2025-11-27 429hotness

GoodsFox Daily Insights – November 27, 2025: Black Friday Sales Fall Short: Nearly 80% of Sellers Report Disappointing Results

  • Chongker Taps the U.S. Senior Market With Hyper-Realistic Pet Replicas
  • Black Friday Performance Drops Sharply as Sellers Call It the ‘Worst Peak Season’
  • Shenzhen Launches VAT-Free Export Pilot for Cross-Border Sellers
  • Germany Probes Temu for Potential Price-Fixing Practices
  • Founder of Youkeshu Files Lawsuit Against His Own Company

 

1. Chongker Taps the U.S. Senior Market With Hyper-Realistic Pet Replicas

Chongker started as a pet-memorial brand. After joining Amazon in 2021, it shifted to hyper-realistic plush pets. The brand targets older U.S. shoppers who want emotional companionship.
Its products use customized fur materials, silicone paws, and strict 3C-level quality control. Entry-level items sell for USD 50–70.
Sales doubled this year, while return rates stayed between 3% and 5%. The brand’s growth came from a reverse strategy: “audience–keywords–product.” It enabled precise customer acquisition.
Chongker plans to expand to Amazon Middle East and Australia. It is also exploring AI-powered robotic pets as a future category.


2. Black Friday Performance Drops Sharply as Sellers Call It the ‘Worst Peak Season’

Amazon’s 2025 Black Friday event saw an unexpected slump. After the first week, many sellers said sales fell far below expectations.
This contrasts with Adobe’s forecast of 8.3% growth and USD 11.7B in U.S. online Black Friday sales.
Real-world performance was hit by technical issues, including zero ad impressions, system glitches, and delayed order synchronization. These disruptions affected major regions such as the U.S., Europe, and Japan.
The extended 12-day promotion window diluted demand. At the same time, consumer spending weakened. Platforms such as Temu and SHEIN launched early deals, diverting traffic from Amazon sellers.
Nearly 80% of sellers showed little interest in joining this year’s event. Reasons include tax compliance pressure, a USD 245 registration fee, mandatory 30% discounts, and peak-season storage fees rising to triple the usual rate.
Many sellers chose to skip the promotion entirely, waiting for later sales cycles or shifting focus to product improvement.


3. Shenzhen Launches VAT-Free Export Pilot for Cross-Border Sellers

Shenzhen logistics providers recently invited sellers using the “buyer-export” model to join a new VAT-free registration test.
This is Shenzhen’s first participation in this tax-innovation pilot, following earlier rollouts in Guangzhou and Hangzhou.
Participants must be Shenzhen-registered businesses.
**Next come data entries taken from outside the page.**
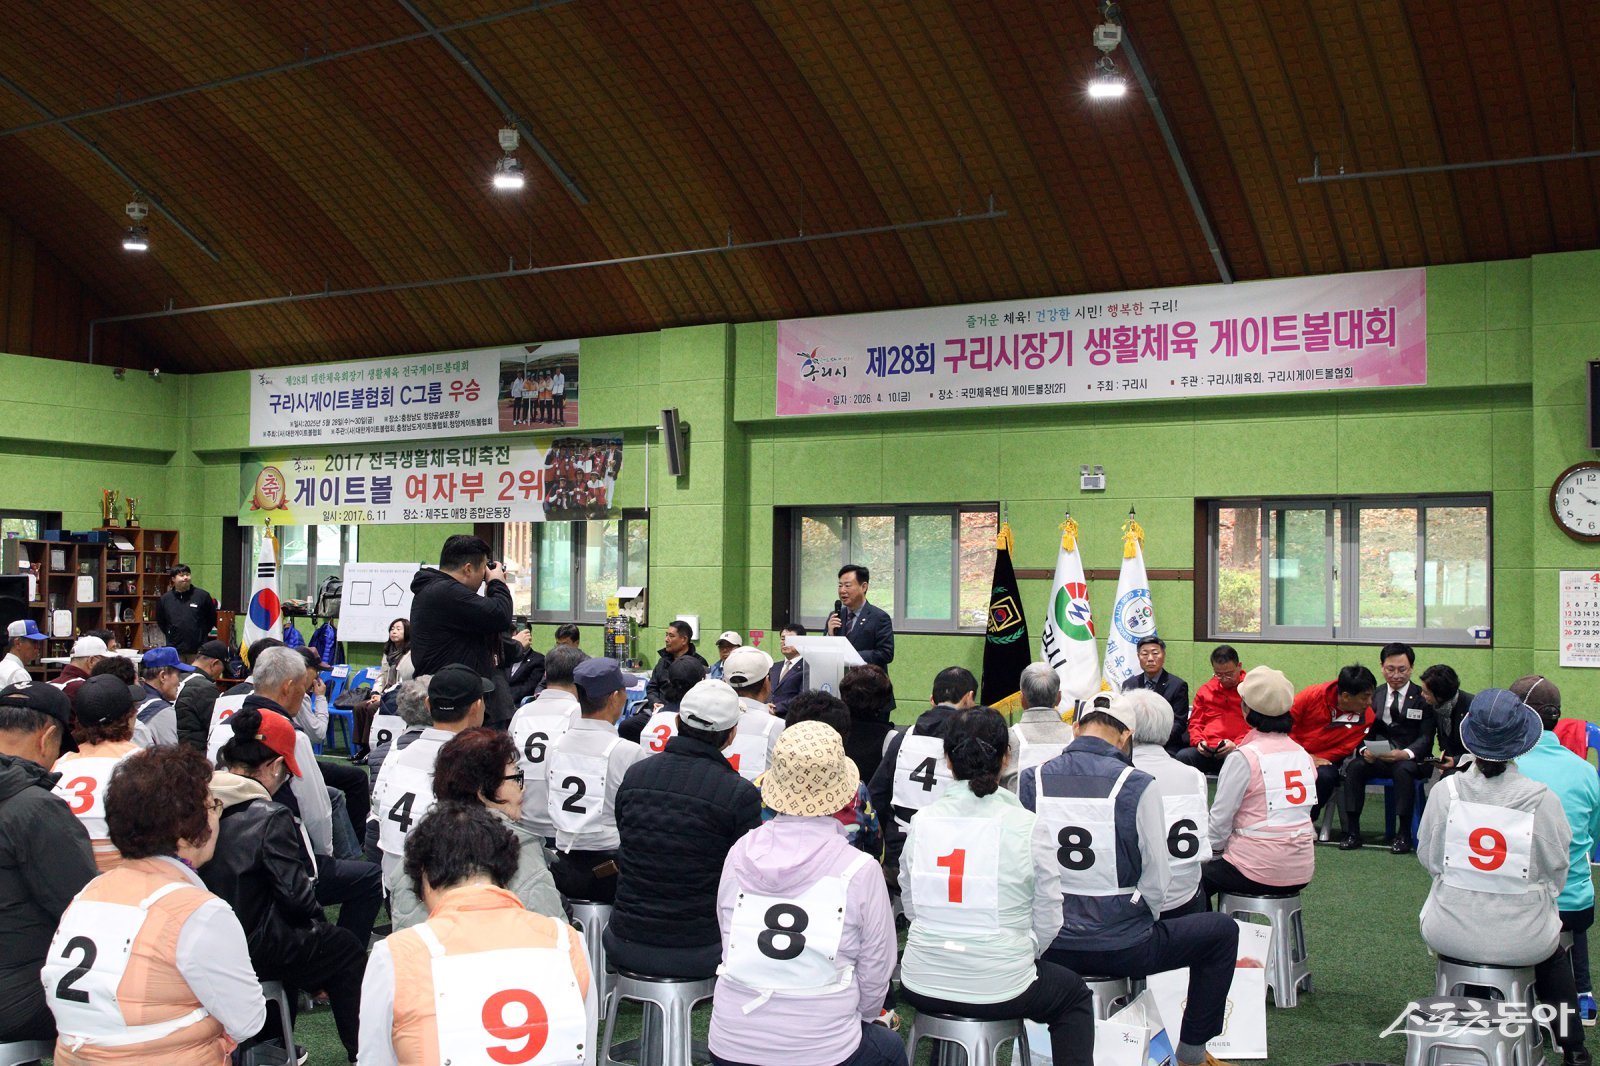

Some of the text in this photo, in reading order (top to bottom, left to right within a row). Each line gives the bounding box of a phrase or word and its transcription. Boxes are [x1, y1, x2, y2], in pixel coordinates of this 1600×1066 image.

[966, 300, 1178, 329] 즐거운 체육! 건강한 시민! 행복한 구리!
[865, 307, 1396, 378] 제28회 구리시장기 생활체육 게이트볼대회
[402, 360, 469, 378] 전국게이트볼대회
[1096, 380, 1113, 391] 주최
[1122, 378, 1148, 390] 구리시
[1180, 376, 1199, 388] 주관
[1267, 367, 1353, 383] 구리시게이트볼협회
[269, 379, 480, 414] 구리시게이트볼협회 C그룹 우승
[833, 395, 847, 405] 일자
[938, 389, 953, 401] 장소
[961, 386, 1008, 399] 국민체육센터
[325, 445, 510, 472] 2017 전국생활체육대축전
[261, 474, 280, 503] 축
[293, 469, 543, 507] 게이트볼 여자부 2위
[323, 511, 337, 522] 일시
[403, 508, 419, 520] 장소
[425, 507, 449, 520] 제주도
[469, 506, 511, 519] 종합운동장
[524, 732, 549, 763] 6
[649, 724, 672, 752] 3
[909, 757, 937, 791] 4
[1284, 770, 1307, 804] 5
[65, 776, 97, 814] 3
[388, 792, 416, 832] 4
[561, 776, 588, 814] 2
[1056, 826, 1096, 870] 8
[1167, 819, 1199, 859] 6
[1468, 828, 1507, 871] 9
[936, 849, 966, 903] 1
[757, 903, 809, 960] 8
[55, 936, 97, 1003] 2
[481, 988, 549, 1064] 9
Logistics companies will file export declarations under code 9810. Sellers must sign an agency agreement and complete export tax-rebate registration via the e-tax system.
After filing through the city’s cross-border e-commerce service platform, goods approved by the commerce department become exempt from VAT.
The pilot aligns with China’s 2025 Announcement No.17, which aims to regulate buyer-export practices and support compliant transformation.
If successful, the program could ease long-standing issues around invoicing, tax reconciliation, and supply-chain authentication. The policy, however, remains in its early testing phase.


4. Germany Probes Temu for Potential Price-Fixing Practices

Germany’s Federal Cartel Office has opened an investigation into Temu. Authorities suspect the platform may be enforcing unfair price limits on sellers.
According to a complaint filed by the German Retail Association, Temu requires prices on its platform to be no more than 85% of prices on other channels.
Andreas Mundt, head of the Cartel Office, warned that such rules restrict competition and may raise prices across other marketplaces.
Regulators are assessing whether Temu’s pricing policy violates German antitrust law. The case shows tightening scrutiny over marketplace behavior in Europe.


5. Founder of Youkeshu Files Lawsuit Against His Own Company

Youkeshu Technology, a Shenzhen-listed cross-border e-commerce firm, is in a leadership dispute.
Founder Xiao Siqing filed a lawsuit requesting the court to nullify the company’s “2025 First Extraordinary Shareholders’ Meeting” decision.
The meeting held on October 10 elected a new board, forcing Xiao and the original management team to step down.
Xiao accused the current majority shareholder, Wang Wei, of multiple violations, including undisclosed judicial freezes on equity, unclear investment funding sources, and failure to meet performance commitments.
Youkeshu stated that the meeting followed proper procedures and said it will respond legally.
The power struggle has deeply affected operations. Revenue in H1 2025 fell 81.33% year-on-year to RMB 42.57M. Q3 financial results remain delayed.
Youkeshu once generated over RMB 5B annually. It began restructuring in 2024 to save the business. After Wang Wei promised “RMB 5B cumulative revenue in three years,” conflicts escalated, leading to multiple lawsuits between both sides.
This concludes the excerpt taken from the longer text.